In "Freeware," the third volume in Rucker's award-winning "Ware" series (beginning with "Software" and continued in the equally adept "Wetware"), we find Rucker's imagination stuck on overdrive, spinning out new technologies and memorable characters with a punk zeal that leaves your brain cells fairly gasping for breath; if this novel moved any faster it would be unintelligible. Fortunately, it's not. Though humanity sometimes takes a back seat to weirdness and whimsy (not an altogether bad thing, with Rucker at the helm), "Freeware" manages to leave an emotional imprint despite the sheer chaos of Rucker's future.

Get ready for intergalactic computer viruses, mathematician Roger Penrose's "Perplexing Poultry" illustration taken to psychedelic extremes, sex with sentient plastic "moldies," an animatronic dildo named "Dr. Jerry Falwell," and broadband telepathic computers. "Freeware" is rewardingly strange and mercilessly surreal. The fact that it's also funny makes this one if my personal favorite Rucker novels. Rucker isn't lying in "Seek!"--cyberpunk lives, and "Freeware" is living proof.

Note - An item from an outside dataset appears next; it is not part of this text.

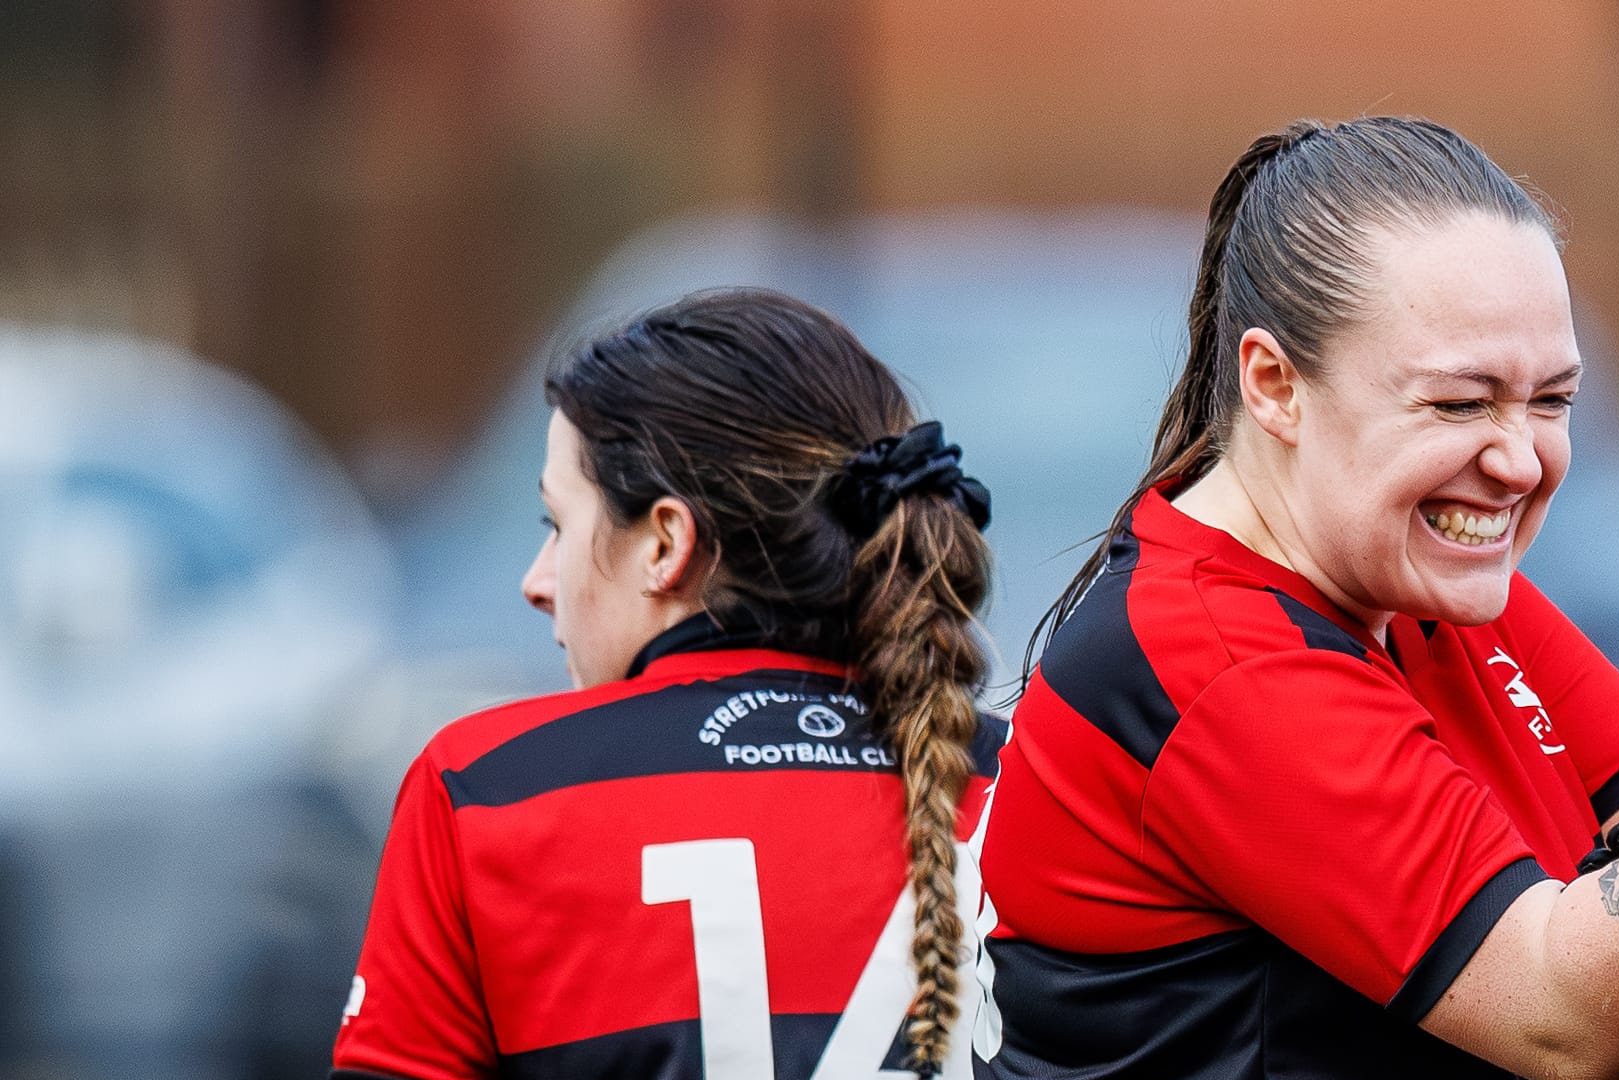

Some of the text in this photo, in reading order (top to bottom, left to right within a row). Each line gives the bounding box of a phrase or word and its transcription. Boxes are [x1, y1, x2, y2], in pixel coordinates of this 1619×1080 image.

[698, 689, 822, 746] STRETFO
[724, 743, 896, 767] FOOTBALL CL
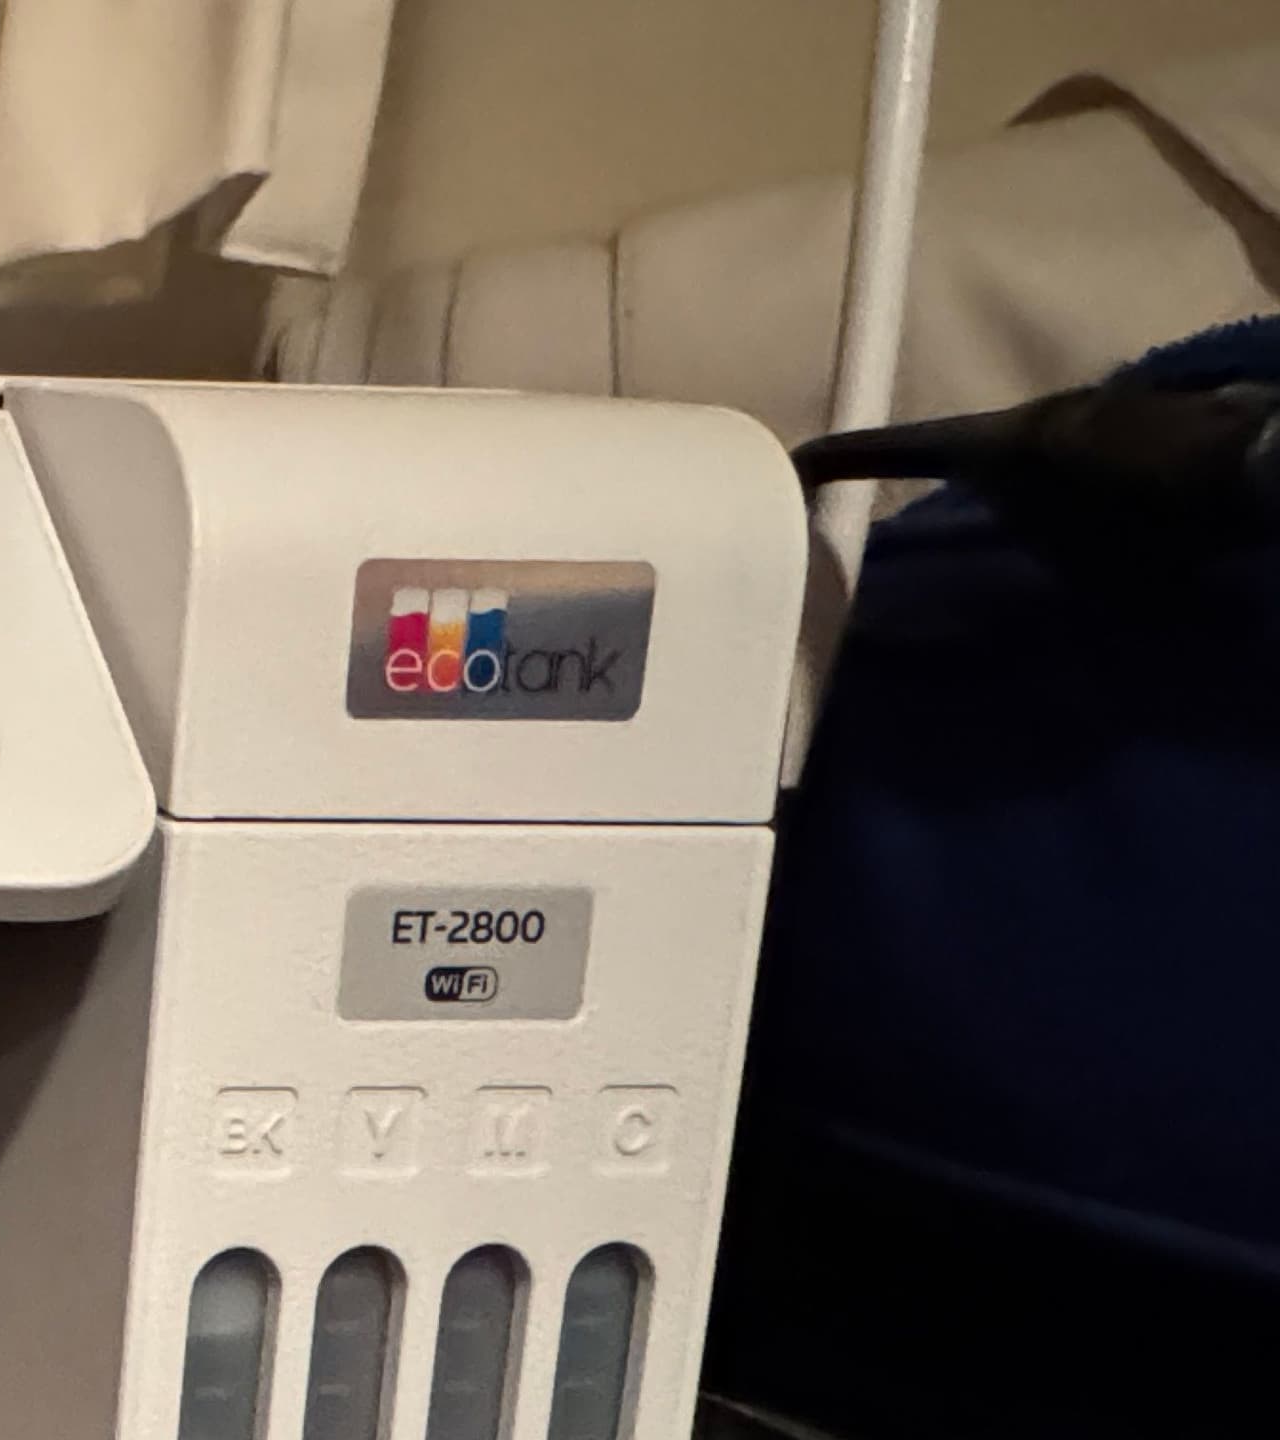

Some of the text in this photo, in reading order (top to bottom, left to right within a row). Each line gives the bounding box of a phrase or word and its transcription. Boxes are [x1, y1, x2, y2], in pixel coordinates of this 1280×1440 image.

The concluding (?) volume in the "Ware" tetralogy, "Realware" is a hallucinatory feast for the senses and the intellect. As loopy and kinetic as its predecessors, "Realware" solidifies the "Ware" series into a future history that sees generations of weird, likeable characters pursuing their ambitions to unlikely extremes. The ideas at the core of this series are stirring and thought-provoking, made all-the-more enjoyable by Rucker's headlong prose style. The psychedelic future milieu captured in "Realware" is related in bent cyberpunk visions; Rucker's narrative is every bit as malleable (and metaphorically versatile) as the ubiquitous "imipolex" his characters use to subvert and reinvent their world. "Realware" is 21st century cyberpunk on overdrive, and should come as a welcome addition to readers of the "Ware" sequence. Gnarly!



"Saucer Wisdom," Rucker's attempt to usher in a "new style of ufology," succeeds as both a novel and as a handbook for the near and not-so-near future.

Documenting the exploits of "Frank Shook" (a likeable, slightly unhinged UFO contactee), Rucker addresses incipient technological breakthroughs with the wit and imagination readers of the "Ware" series have come to appreciate. Part speculation and part psycho-spiritual manifesto, "Saucer Wisdom" is a genre-busting classic and a great introduction to Rucker's canon.



This release of "The Hacker and the Ants" (v. 2.0) has been updated for the 21st century, and provides an ideal opportunity to revisit Rucker's madcap Silicon Valley, where artificial life-forms vie for attention on the techno-evolutionary stage. To Rucker disciples, whose ranks I joined after devouring the "Ware" sequence, this is no small publishing event.